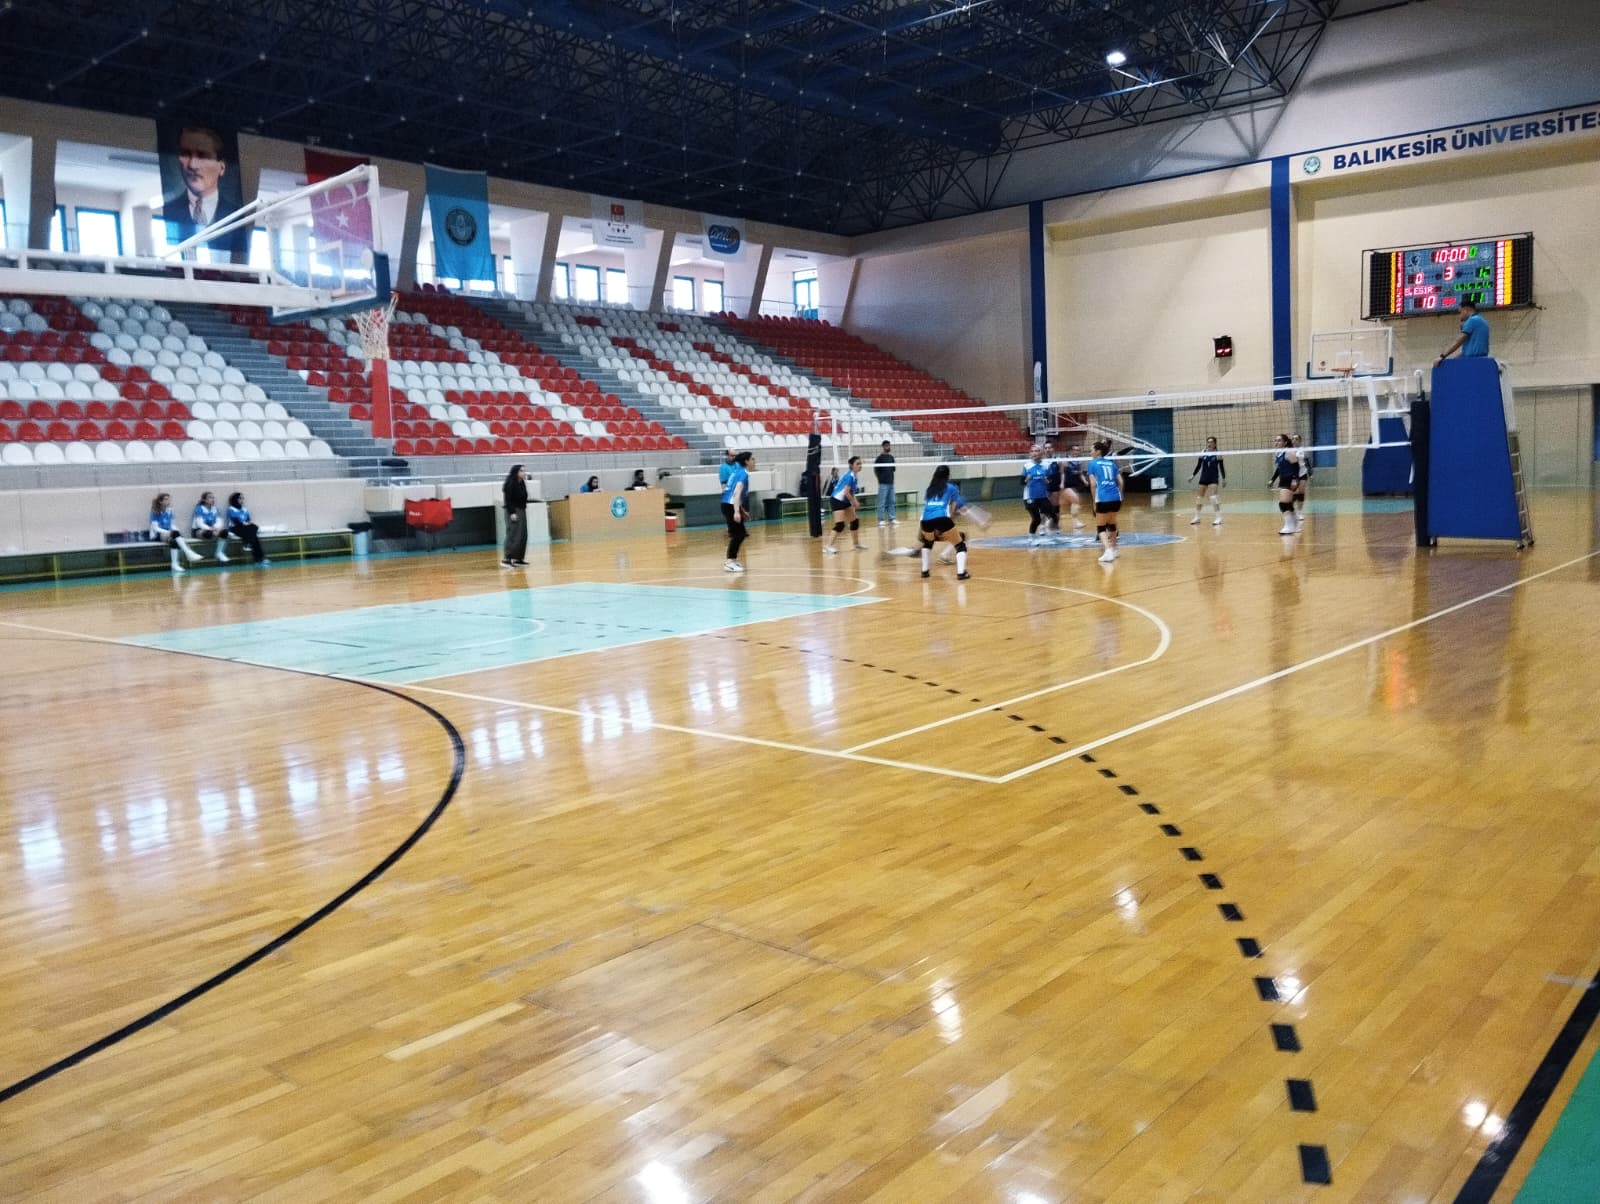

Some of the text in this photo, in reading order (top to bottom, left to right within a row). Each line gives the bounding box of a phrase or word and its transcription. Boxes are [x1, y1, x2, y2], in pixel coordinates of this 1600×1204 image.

[1333, 134, 1447, 170] BALIKESİR
[1434, 248, 1468, 263] 10:00
[1415, 272, 1424, 285] 0
[1444, 265, 1454, 281] 3
[1422, 295, 1436, 309] 10
[1102, 465, 1113, 480] 11
++++++++++
* _AIM OF THE TASK_:
The records above are to be set down exactly as written, with no images.

* _WRITTEN ANSWER_:
Some of the text in this photo, in reading order (top to bottom, left to right within a row). Each line gives the bounding box of a phrase or word and its transcription. Boxes are [x1, y1, x2, y2], in pixel coordinates of this 1600×1204 image.

[1333, 134, 1447, 170] BALIKESİR
[1434, 248, 1468, 263] 10:00
[1415, 272, 1424, 285] 0
[1444, 265, 1454, 281] 3
[1422, 295, 1436, 309] 10
[1102, 465, 1113, 480] 11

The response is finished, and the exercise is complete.